The Paper is an ambitious effort to achieve this. It is an offshoot of the Oriental Morning Post in Shanghai, a print newspaper that is losing circulation and advertising revenue, and barely turns a profit. When Han Zheng, Shanghai’s party chief, urged the newspaper in 2013 to produce a new digital platform, its editors were thinking the same. With funding of 100m yuan ($16m) from the Post’s state-owned parent, the Shanghai United Media Group, the Paper was formally launched on July 22nd. Its mission was clear from the beginning. Just before the launch it hosted a visit by Mr Lu, the regulator: a signal of his support.

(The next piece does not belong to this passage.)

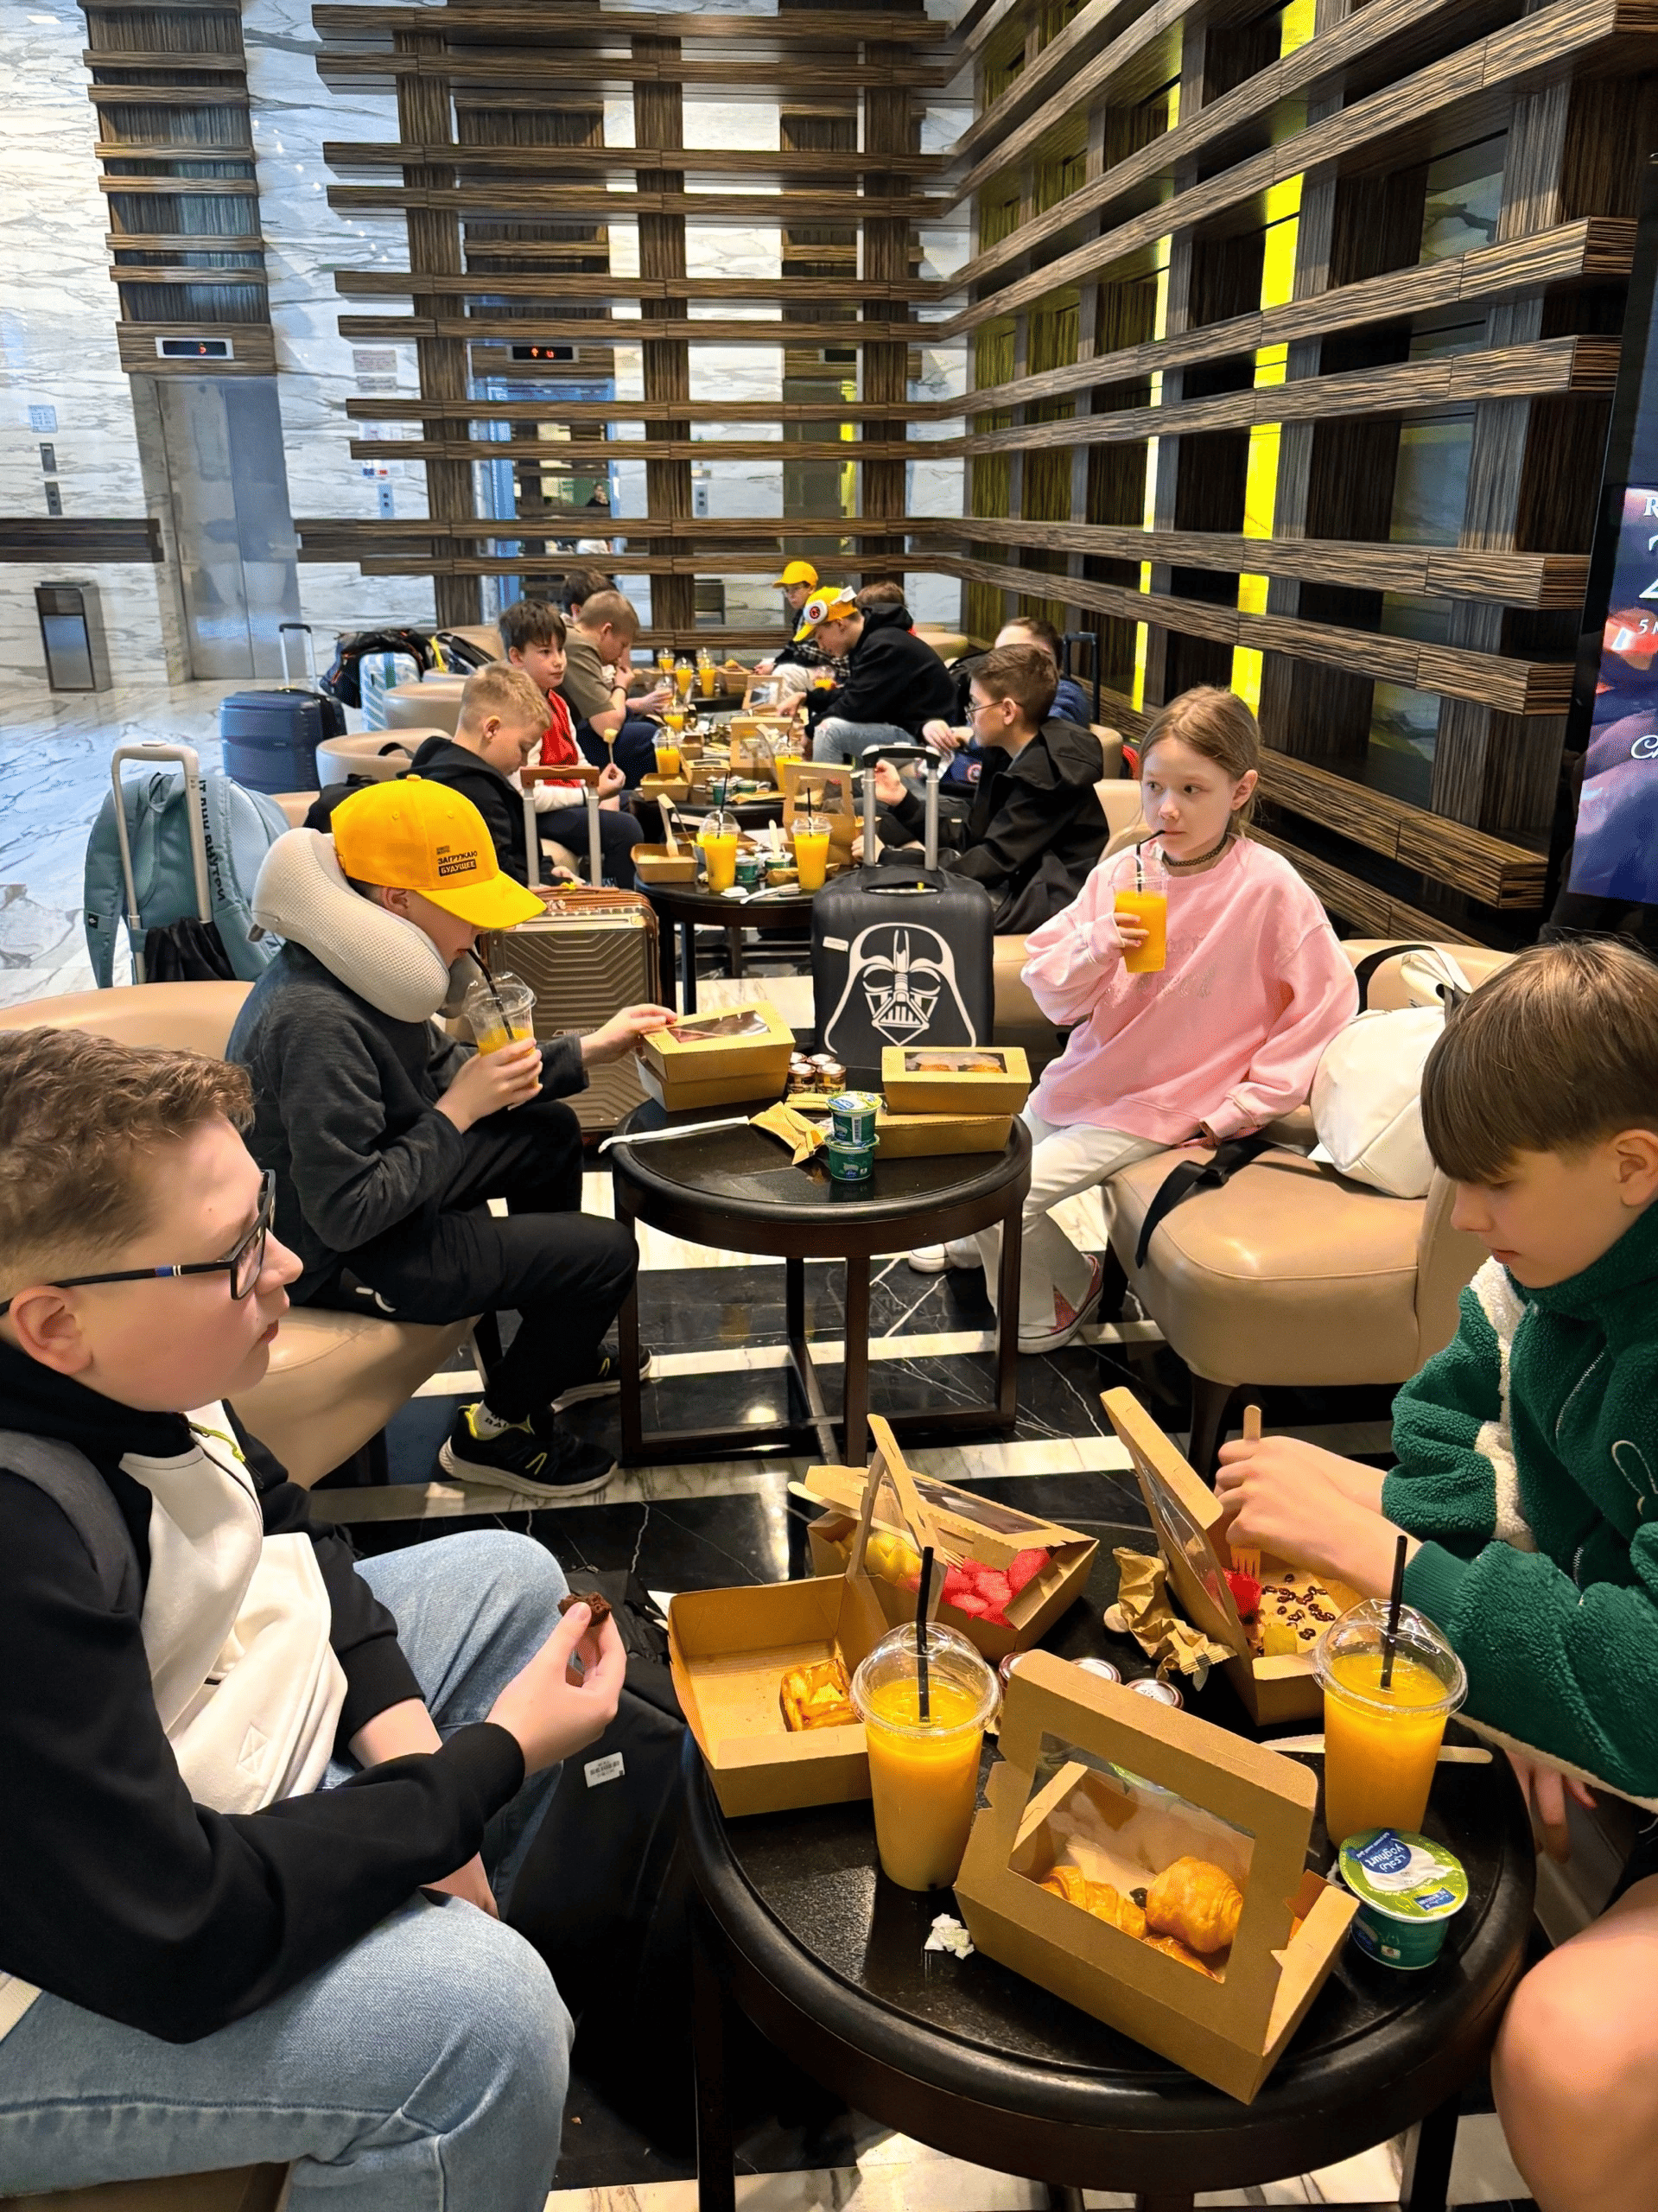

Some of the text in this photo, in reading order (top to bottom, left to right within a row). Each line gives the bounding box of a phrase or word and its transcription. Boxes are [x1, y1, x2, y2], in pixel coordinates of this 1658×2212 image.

[437, 850, 478, 865] ЗАГРУЖАЮ
[441, 861, 476, 874] БУДУЩЕЕ
[1364, 1842, 1404, 1867] yoghurt

[…] Attracting online readers is crucial to the party. About 80% of those connected to the internet in China use it to browse the news. This is a potential audience for the party’s digitised line of 500m—200m more than five years ago, according to the China Internet Network Information Centre. Many read the news on WeChat, which has nearly 470m active monthly users, most of them in China. The Paper had the 13th-most popular WeChat media account in the first week of December, according to an independent ranking. The top such accounts were those run by two of the party’s most trusted organs: China Central Television and the People’s Daily. [Source]

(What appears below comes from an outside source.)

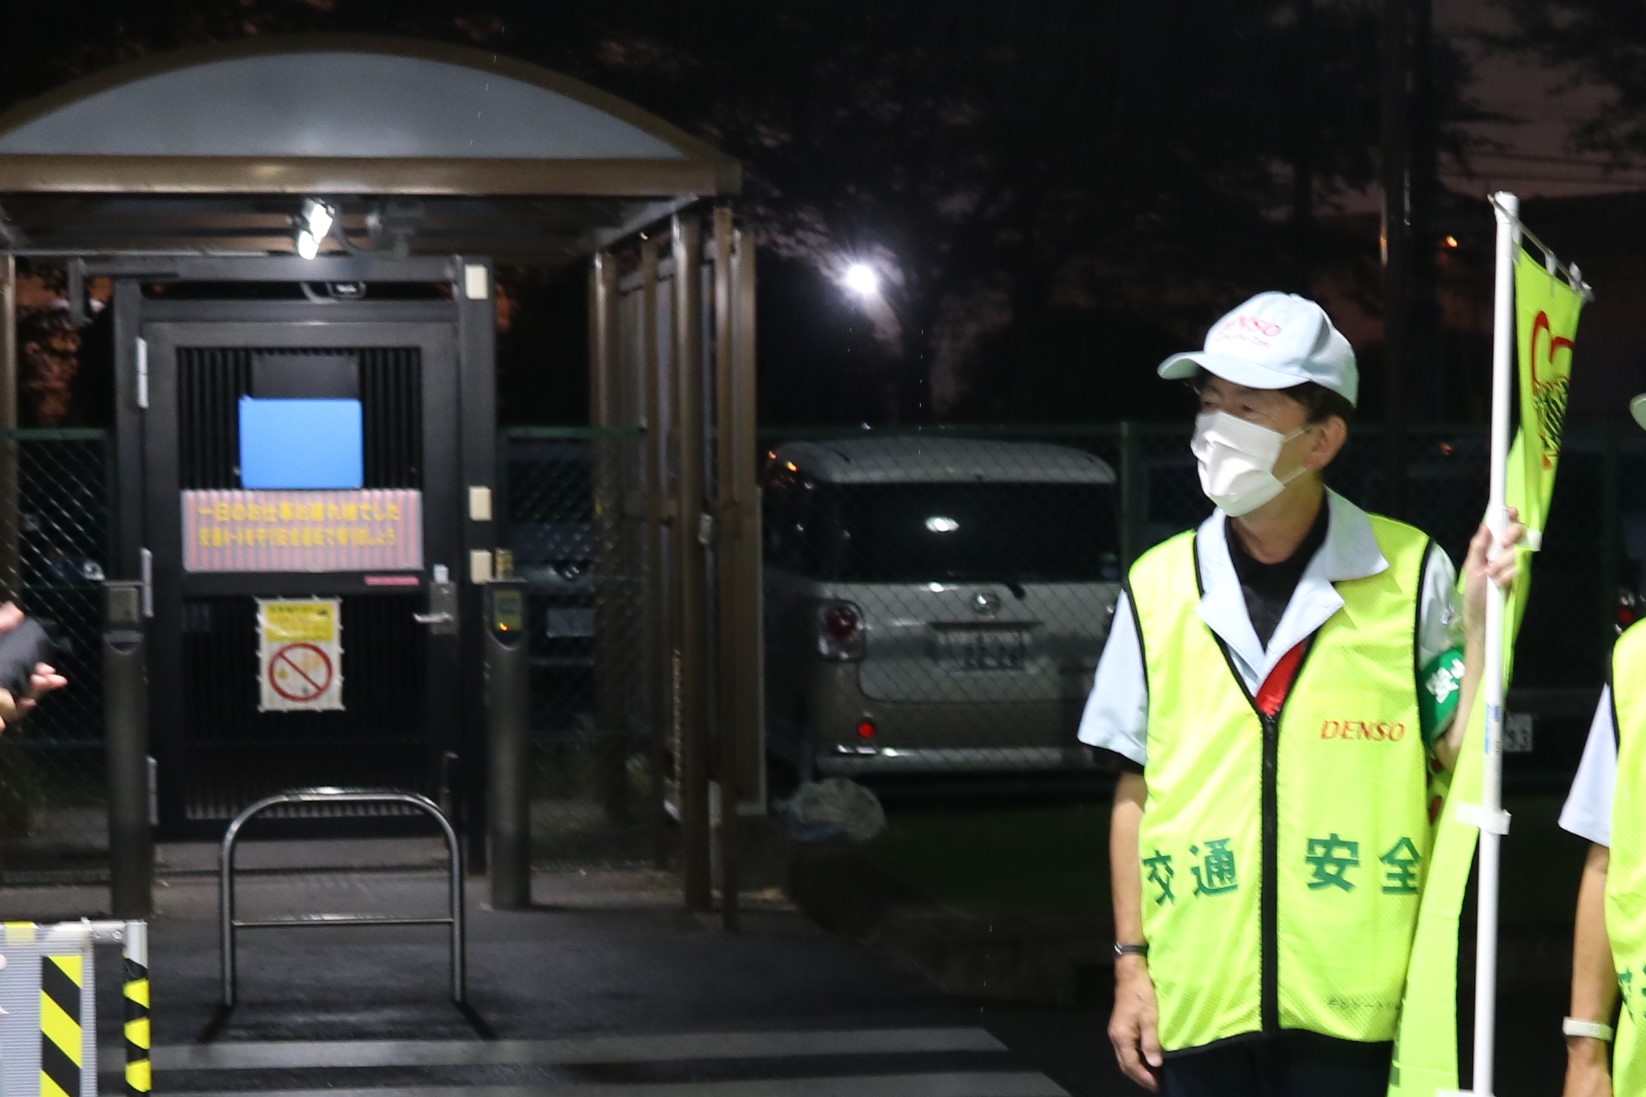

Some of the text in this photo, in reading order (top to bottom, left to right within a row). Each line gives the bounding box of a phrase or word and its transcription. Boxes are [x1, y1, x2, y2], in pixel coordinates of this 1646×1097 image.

[1320, 719, 1406, 742] DENSO
[1143, 833, 1423, 905] 交通 安全

It may not look like old school propaganda, but ThePaper.cn’s reporters and editors have been reminded not to push journalistic boundaries too far. Exposés published soon after the website’s launch have vanished. In September, ThePaper.cn was battered from both sides: it got a slap on the wrist from the authorities for failing to stick to the “bottom line,” and from netizens for selectively translating an Economist article on China’s global ambitions.
ThePaper.cn has emerged in an increasingly restrictive space for media in China. A month after its launch, President Xi Jinping called for a “new style” of media organization that integrates the traditional and the trendy. Then at October’s Beijing Forum on Literature and Art, Xi urged artists and writers to serve the people and the Party through their work. Xi singled out nationalistic bloggers Zhou Xiaoping and Hua Qianfang for their “positive energy.” While Xi praises contributors to the “literature and art battlefront,” liberal voices like Li Chengpeng and the volunteer translation site Cenci have been shut down.